I didn't want to leave Sam. It was a truth I learned while watching him work. The way he carried himself, doted on others, it was all like tiny anchors embedded itself in me, preventing me from thinking about leaving. It was so enticing, intoxicating, the amount of comfort I felt here. But I knew deep down, I couldn't stay here.

Although humble enough to deny it himself, Sam was too perfect. The sheer amount of selflessness and compassion was enough to drown me, and I wasn't sure I'd be able to handle it if I stayed any longer. I wasn't sure this profusion of positivity he exuded would be enough to save me from my burdens.

I'd only be a burden to him being here. He had said it himself. This was just temporary, this wasn't an home. He had other patients to worry about. I couldn't take up space here when there were so many more in need.

Sam had been cleaning up one of the rooms after the last patient left when I decided to tell him I was going to leave. My heart felt heavy, as if I was dragging it with a leash behind me, but I knew as much as it would hurt, I had to tell him the truth. I wasn't going to continue to believe this was going to turn into something impossible.

But before I could even turn to him, a sudden wave of pain hit me, my legs buckling beneath me as I grasped onto his forearm desperately trying to stay upright.

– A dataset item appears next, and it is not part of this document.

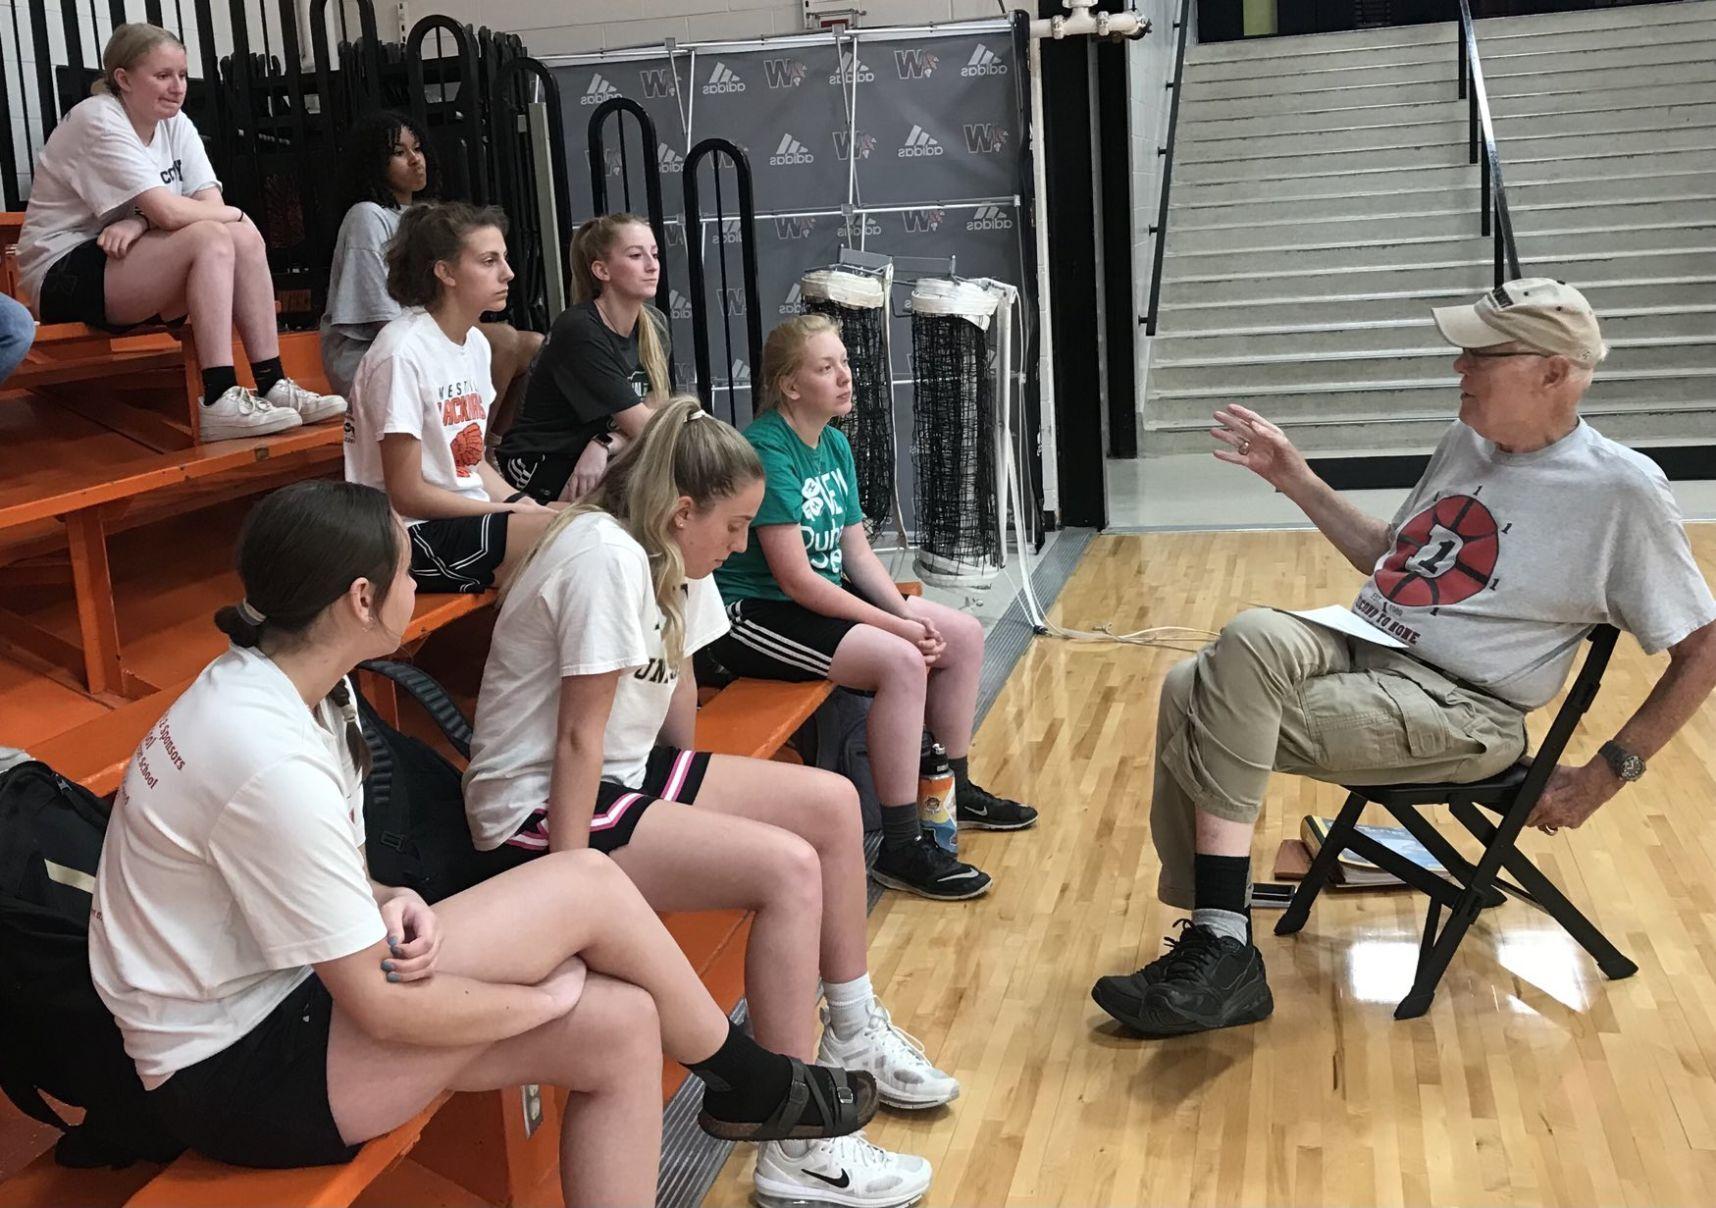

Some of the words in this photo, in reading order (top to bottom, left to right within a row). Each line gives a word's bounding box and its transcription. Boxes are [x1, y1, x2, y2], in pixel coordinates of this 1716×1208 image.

My entire left side felt like it had erupted into flames, the pain shooting up my spine and shoulder as Sam's words of concern seemed to fade into the distance despite being right by my side. I blinked past the tears, only to be transported to the middle of the forest, seeing what Vince was going through earlier. Michael with those piercing gold eyes staring down at Vince. He was losing, just as Xavier had said.

There were three deep lacerations ran down his side, the blood running through his black fur, smaller scratches marred his face. Puncture wounds littered his neck, and yet, Michael seemed perfectly fine. Despite Vince being roughly the same height and stature as his brother, Michael stood taller, far superior, and all the more confident. But so was Vince, or maybe he was just brash, naively determined to fight back.

I watched as he fought back in vain, as I desperately wanted to yell at him to stop. It wasn't worth it. He was going to get himself killed, and all for what? His alpha role?

But there was something different about Vince. It was something I had only felt once before. His wolf, fighting for control. All these years he hadn't appeared, was always suppressed, so much so, that I had almost thought he was dead. He was pawing at the surface, fighting to completely take over and fight Michael, even if he was weak. But there was something more. His wolf was looking for something, and that made my wolf restless.

And then I watched helplessly as Vince charged forward, only for Michael to pin him to the ground, successfully winning the fight.

And despite what I told Xavier, that I'd be alright if they had to fight, it wasn't. It hurt a lot, so much that I think I blacked out.

All I remember was coming to in the clinic room I had found Sam in earlier. I had curled up in a ball on the floor, my head rested on Sam's thigh. He was brushing the hair behind my ear, adjusting the blanket wrapped around me.